If you have unfinished kitchen cabinets you can easily improve and alter the overall appearance of the room by applying a layer of stain or a glaze to them. This will darken them to the degree that you wish and provide an excellent overall look for the walls of your kitchen. Keep in mind, however, that staining and glazing unfinished wood is a somewhat difficult process that can be easy to mess up, so it's important that you read these steps carefully and work with great attention to detail. Read on for a brief guide on how to stain and glaze unfinished kitchen cabinets.
Remove the Cabinet Panels
The easiest way to stain and glaze your cabinet panels is to remove them from the wall. Use the screwdriver to remove them at the hinges and then carefully lay them out over a bed of old paper or newspaper in the garage or outside. You'll want to be in an open space, as the fumes from the stain material can be dangerous to your health.
First Paint Stain Coat
Use your paintbrush to carefully paint even strokes of the stain material over the front face of the cabinet. Be sure that you spread the mixture out evenly and do not worry about staining the cabinet too heavily. The more coats of stain that you put on the unfinished wood, the darker it will be. Allow the front portion of the panel to dry completely and then paint the back portion as well. Finally, paint the sides.
Add More Coats as Desired
You can then add as many more coats of stain as you'd like. Simply follow the same method. Be sure that you allow for plenty of time for the stain to dry in between coats, and it's also crucial that you paint the stain on as evenly as possible. If you find that the stain is not even, you may wish to lightly sand it down in order to lighten up the color a bit.

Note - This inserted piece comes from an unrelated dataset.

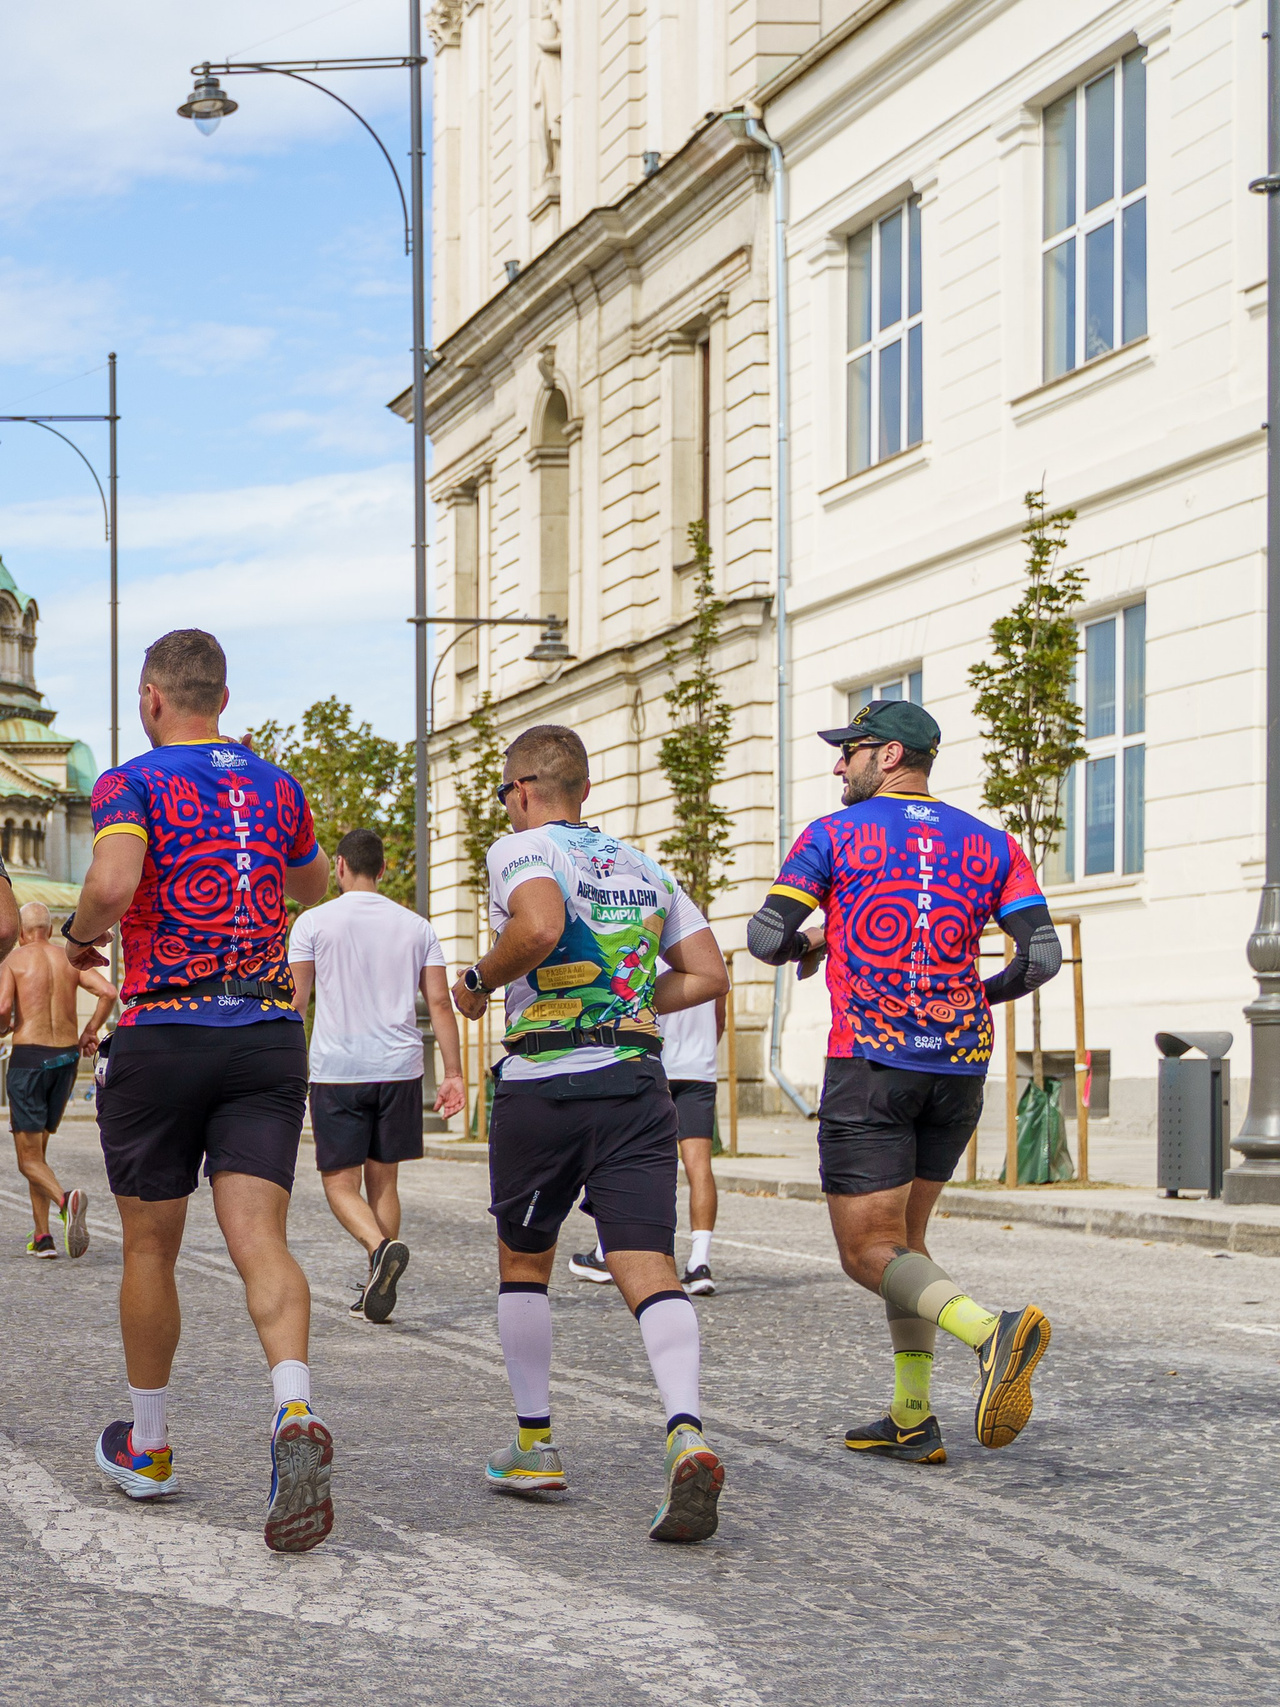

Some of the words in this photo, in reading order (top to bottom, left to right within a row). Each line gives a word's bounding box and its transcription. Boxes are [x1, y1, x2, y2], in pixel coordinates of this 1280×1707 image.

If you wish to further augment the appearance of your unfinished kitchen cabinets and to protect the stain from being damaged, coat the stained cabinets with a layer of glaze. This can be applied in much the same way. Use sandpaper after the glaze has dried in order to smooth out any rough areas or places where the glaze material built up.
Coat with Polyurethane
Although it's an optional step, the stain and glaze that you've applied will be much better protected if you coat them with a polyurethane protective layer. This material can be purchased at most hardware stores and paint supply centers and serves as a protective coating over the stain and the wood. One coat should be adequate.